With support from USAID, they and other USAID-funded organizations traveled to Syria Leone, Guinea, and operated Ebola treatment units in hard-hit neighborhoods. They delivered interim care kits that helped caregivers protect themselves and stabilize ill family members awaiting professional care. After the Ebola outbreak abated, they stayed on improving health facilities, empowering local health workers to take charge of infection prevention and control, and raising awareness in local communities about healthy habits that limit the spread of disease.
Finally, let me briefly discuss our engagement with religious leaders to promote peace and end conflict. Here, too, we have seen remarkable results. Actually, one of the most historic changes in our foreign policy was mediated by a religious leader. I'm speaking, of course, of the work by Pope Francis, through letters to President Obama and Raul Castro, who through a meeting with negotiators encouraged a thaw in relations between the United States and Cuba after more than 50 years.
But that is the only the best-known example of our work with religious leaders. Throughout the world, the Office of Religion and Global Affairs and USAID are promoting efforts to promote peace. In Nigeria, the office has worked with prominent Muslim and Christian leaders to develop a shared agenda to combat systematic injustice and corruption to achieve social justice.
In Belgium and France, it has harnessed the power of citizen diplomacy, leading a delegation of civil rights and civil society leaders to conduct an amazing set of workshops on community organizing, media engagement, and coalition-building in order to empower European Muslim youth facing deep-seeded prejudice, as well as aggressive efforts at recruitment. And in Sudan, USAID launched an initiative with Catholic Relief Services to support the South Sudan Council of Churches to address the deep and painful rifts within and between the nation's diverse communities.

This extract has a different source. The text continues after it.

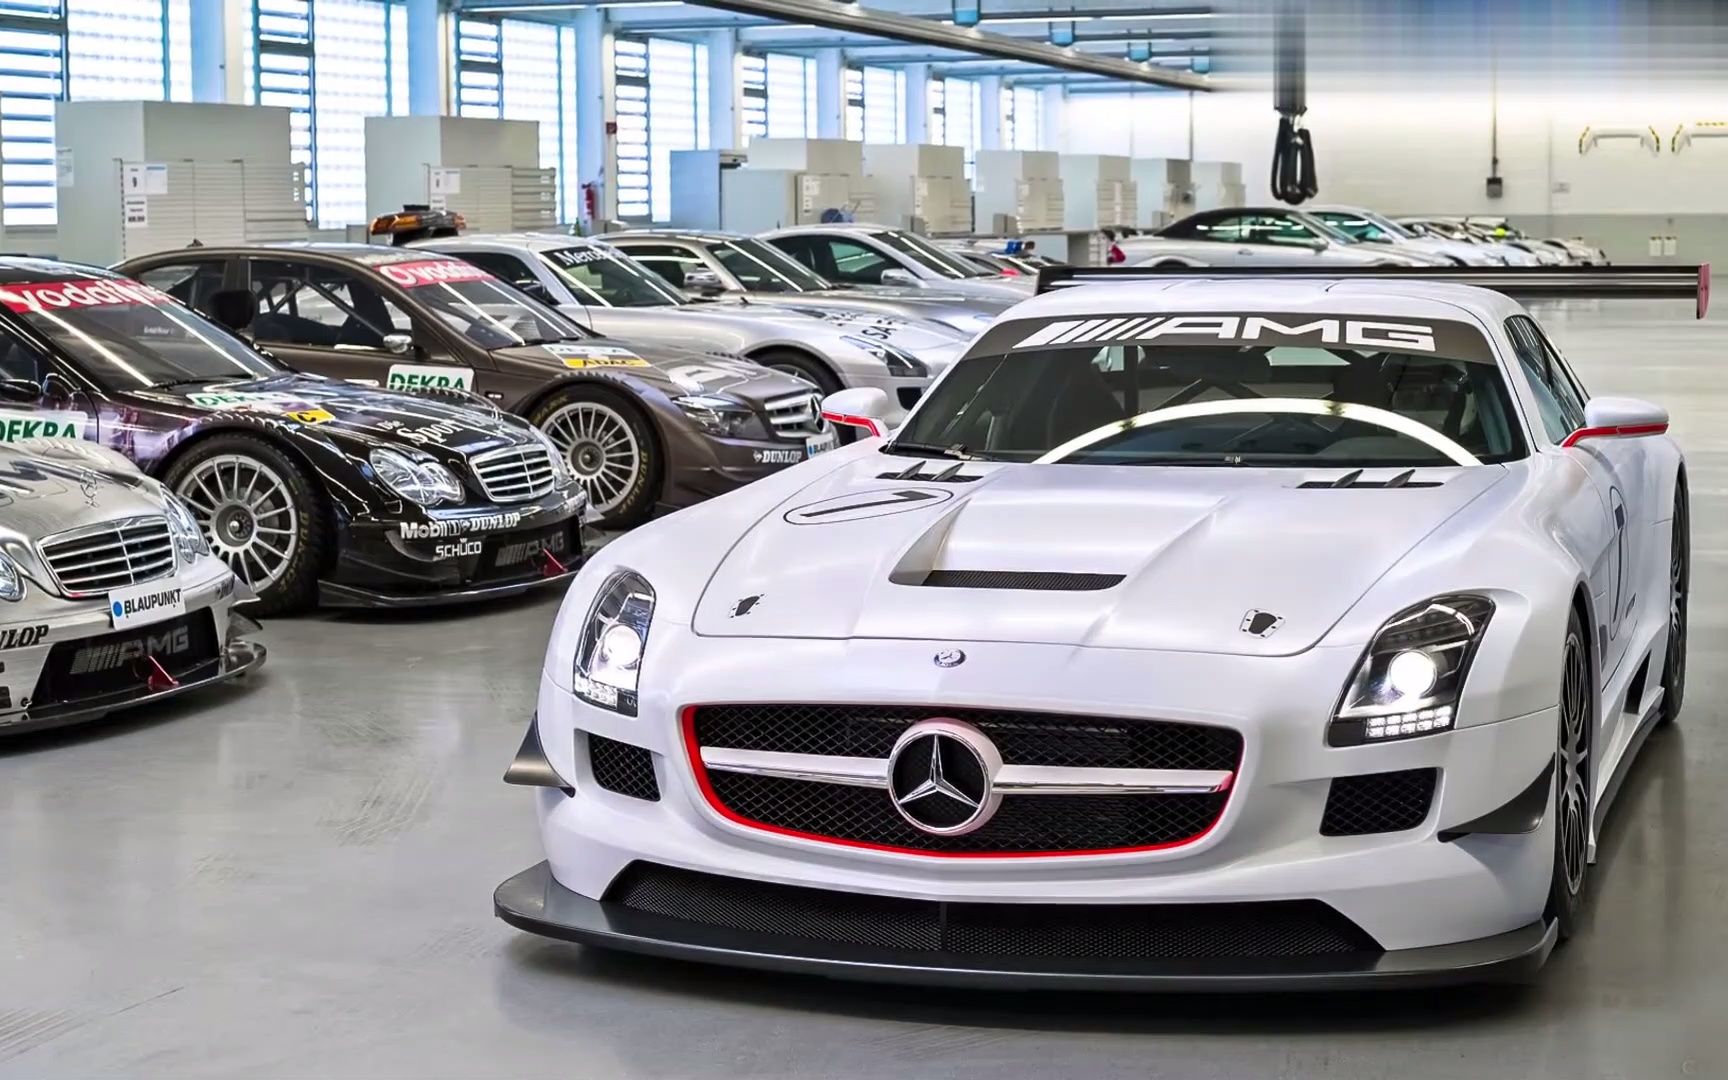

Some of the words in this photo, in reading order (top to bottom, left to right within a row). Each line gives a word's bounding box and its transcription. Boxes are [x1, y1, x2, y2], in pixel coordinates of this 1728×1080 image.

As you know, these issues aren't going anywhere anytime soon. There is undoubtedly more work to do, and improvement can always be made. The talent gathered in this room has taken on big challenges before, and today we're asking you to do so again. As this administration comes to an end, we will be relying on all of you to find the answers to these big questions, and to carry on this vital work.
Indeed, we hope that the seeds we have planted will continue to flower, that the good work that has been done to understand religion and to partner with faith communities to promote the common good will continue far beyond the time President Obama leaves office. And we have every confidence that your sessions over the course of the next couple days will be critical in helping us take that next step forward.
Lastly, as the strength strength of commitment and capability in this room attests, the diversity and depth of faith in this country is an enduring and unique aspect of our national strength. So even as we engage religious leaders and religious communities worldwide, we cannot take for granted the religious pluralism here at home that has marked America since its birth. We all must redouble our efforts to protect that pluralism and diversity, including maintaining America's leadership role in refugee policy.
So on behalf of the President, I thank you all for your work, for your dedication, and for your service. I thank you for, again, having me. If you run into him, make sure you let him know that I gave a whole speech and I didn't swear once.
And my best wishes for our conference today, and for the considerable work that lies ahead. Thanks very much, Shaun.